Could each record be restated word for word?

- Dataset excerpts:
══════════

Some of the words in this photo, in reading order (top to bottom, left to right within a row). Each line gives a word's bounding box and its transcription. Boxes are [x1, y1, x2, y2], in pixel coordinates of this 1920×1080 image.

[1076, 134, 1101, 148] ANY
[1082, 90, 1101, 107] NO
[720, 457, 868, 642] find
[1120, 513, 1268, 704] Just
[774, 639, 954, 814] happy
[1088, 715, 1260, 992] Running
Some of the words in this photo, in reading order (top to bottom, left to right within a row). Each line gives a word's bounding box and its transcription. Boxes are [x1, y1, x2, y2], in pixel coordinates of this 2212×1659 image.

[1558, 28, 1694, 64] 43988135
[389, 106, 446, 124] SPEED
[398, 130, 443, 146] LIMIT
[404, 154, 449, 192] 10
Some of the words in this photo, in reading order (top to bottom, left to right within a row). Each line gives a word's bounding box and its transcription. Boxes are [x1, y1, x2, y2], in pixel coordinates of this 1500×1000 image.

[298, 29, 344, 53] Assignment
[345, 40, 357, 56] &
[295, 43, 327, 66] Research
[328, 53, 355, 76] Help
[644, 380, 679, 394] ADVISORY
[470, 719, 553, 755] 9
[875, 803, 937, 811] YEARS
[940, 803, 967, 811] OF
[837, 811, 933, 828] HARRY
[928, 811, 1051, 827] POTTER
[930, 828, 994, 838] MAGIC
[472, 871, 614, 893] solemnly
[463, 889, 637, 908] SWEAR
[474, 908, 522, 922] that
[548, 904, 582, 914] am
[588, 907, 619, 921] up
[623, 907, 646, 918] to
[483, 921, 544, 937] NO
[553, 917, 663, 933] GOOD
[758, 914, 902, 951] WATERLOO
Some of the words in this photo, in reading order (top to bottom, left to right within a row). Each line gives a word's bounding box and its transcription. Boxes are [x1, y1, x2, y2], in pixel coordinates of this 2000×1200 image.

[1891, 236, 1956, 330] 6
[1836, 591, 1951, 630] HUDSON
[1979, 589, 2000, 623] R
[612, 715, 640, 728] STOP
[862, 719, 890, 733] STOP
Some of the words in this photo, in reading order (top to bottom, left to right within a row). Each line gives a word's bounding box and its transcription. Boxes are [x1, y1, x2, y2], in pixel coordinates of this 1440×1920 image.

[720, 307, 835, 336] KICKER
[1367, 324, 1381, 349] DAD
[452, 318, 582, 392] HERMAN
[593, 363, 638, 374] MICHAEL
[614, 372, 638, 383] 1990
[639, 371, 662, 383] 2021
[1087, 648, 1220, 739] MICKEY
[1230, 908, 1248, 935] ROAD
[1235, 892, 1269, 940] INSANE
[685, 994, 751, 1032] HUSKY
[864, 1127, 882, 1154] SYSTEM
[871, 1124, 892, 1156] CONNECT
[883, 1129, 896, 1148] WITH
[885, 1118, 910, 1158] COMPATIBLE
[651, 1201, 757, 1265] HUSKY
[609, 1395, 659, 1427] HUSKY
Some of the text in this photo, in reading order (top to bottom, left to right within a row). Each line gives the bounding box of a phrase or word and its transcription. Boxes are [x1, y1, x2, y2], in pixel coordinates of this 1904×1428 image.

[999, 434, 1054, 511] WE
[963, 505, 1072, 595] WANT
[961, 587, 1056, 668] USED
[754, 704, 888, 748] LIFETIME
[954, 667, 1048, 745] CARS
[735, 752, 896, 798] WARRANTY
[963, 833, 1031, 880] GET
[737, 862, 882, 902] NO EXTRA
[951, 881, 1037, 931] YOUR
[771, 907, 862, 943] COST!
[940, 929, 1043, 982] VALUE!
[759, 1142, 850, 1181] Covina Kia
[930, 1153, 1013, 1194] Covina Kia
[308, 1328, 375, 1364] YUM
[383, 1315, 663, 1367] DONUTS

══════════

- ANSWER SECTION:
Some of the words in this photo, in reading order (top to bottom, left to right within a row). Each line gives a word's bounding box and its transcription. Boxes are [x1, y1, x2, y2], in pixel coordinates of this 1920×1080 image.

[1076, 134, 1101, 148] ANY
[1082, 90, 1101, 107] NO
[720, 457, 868, 642] find
[1120, 513, 1268, 704] Just
[774, 639, 954, 814] happy
[1088, 715, 1260, 992] Running
Some of the words in this photo, in reading order (top to bottom, left to right within a row). Each line gives a word's bounding box and its transcription. Boxes are [x1, y1, x2, y2], in pixel coordinates of this 2212×1659 image.

[1558, 28, 1694, 64] 43988135
[389, 106, 446, 124] SPEED
[398, 130, 443, 146] LIMIT
[404, 154, 449, 192] 10
Some of the words in this photo, in reading order (top to bottom, left to right within a row). Each line gives a word's bounding box and its transcription. Boxes are [x1, y1, x2, y2], in pixel coordinates of this 1500×1000 image.

[298, 29, 344, 53] Assignment
[345, 40, 357, 56] &
[295, 43, 327, 66] Research
[328, 53, 355, 76] Help
[644, 380, 679, 394] ADVISORY
[470, 719, 553, 755] 9
[875, 803, 937, 811] YEARS
[940, 803, 967, 811] OF
[837, 811, 933, 828] HARRY
[928, 811, 1051, 827] POTTER
[930, 828, 994, 838] MAGIC
[472, 871, 614, 893] solemnly
[463, 889, 637, 908] SWEAR
[474, 908, 522, 922] that
[548, 904, 582, 914] am
[588, 907, 619, 921] up
[623, 907, 646, 918] to
[483, 921, 544, 937] NO
[553, 917, 663, 933] GOOD
[758, 914, 902, 951] WATERLOO
Some of the words in this photo, in reading order (top to bottom, left to right within a row). Each line gives a word's bounding box and its transcription. Boxes are [x1, y1, x2, y2], in pixel coordinates of this 2000×1200 image.

[1891, 236, 1956, 330] 6
[1836, 591, 1951, 630] HUDSON
[1979, 589, 2000, 623] R
[612, 715, 640, 728] STOP
[862, 719, 890, 733] STOP
Some of the words in this photo, in reading order (top to bottom, left to right within a row). Each line gives a word's bounding box and its transcription. Boxes are [x1, y1, x2, y2], in pixel coordinates of this 1440×1920 image.

[720, 307, 835, 336] KICKER
[1367, 324, 1381, 349] DAD
[452, 318, 582, 392] HERMAN
[593, 363, 638, 374] MICHAEL
[614, 372, 638, 383] 1990
[639, 371, 662, 383] 2021
[1087, 648, 1220, 739] MICKEY
[1230, 908, 1248, 935] ROAD
[1235, 892, 1269, 940] INSANE
[685, 994, 751, 1032] HUSKY
[864, 1127, 882, 1154] SYSTEM
[871, 1124, 892, 1156] CONNECT
[883, 1129, 896, 1148] WITH
[885, 1118, 910, 1158] COMPATIBLE
[651, 1201, 757, 1265] HUSKY
[609, 1395, 659, 1427] HUSKY
Some of the text in this photo, in reading order (top to bottom, left to right within a row). Each line gives the bounding box of a phrase or word and its transcription. Boxes are [x1, y1, x2, y2], in pixel coordinates of this 1904×1428 image.

[999, 434, 1054, 511] WE
[963, 505, 1072, 595] WANT
[961, 587, 1056, 668] USED
[754, 704, 888, 748] LIFETIME
[954, 667, 1048, 745] CARS
[735, 752, 896, 798] WARRANTY
[963, 833, 1031, 880] GET
[737, 862, 882, 902] NO EXTRA
[951, 881, 1037, 931] YOUR
[771, 907, 862, 943] COST!
[940, 929, 1043, 982] VALUE!
[759, 1142, 850, 1181] Covina Kia
[930, 1153, 1013, 1194] Covina Kia
[308, 1328, 375, 1364] YUM
[383, 1315, 663, 1367] DONUTS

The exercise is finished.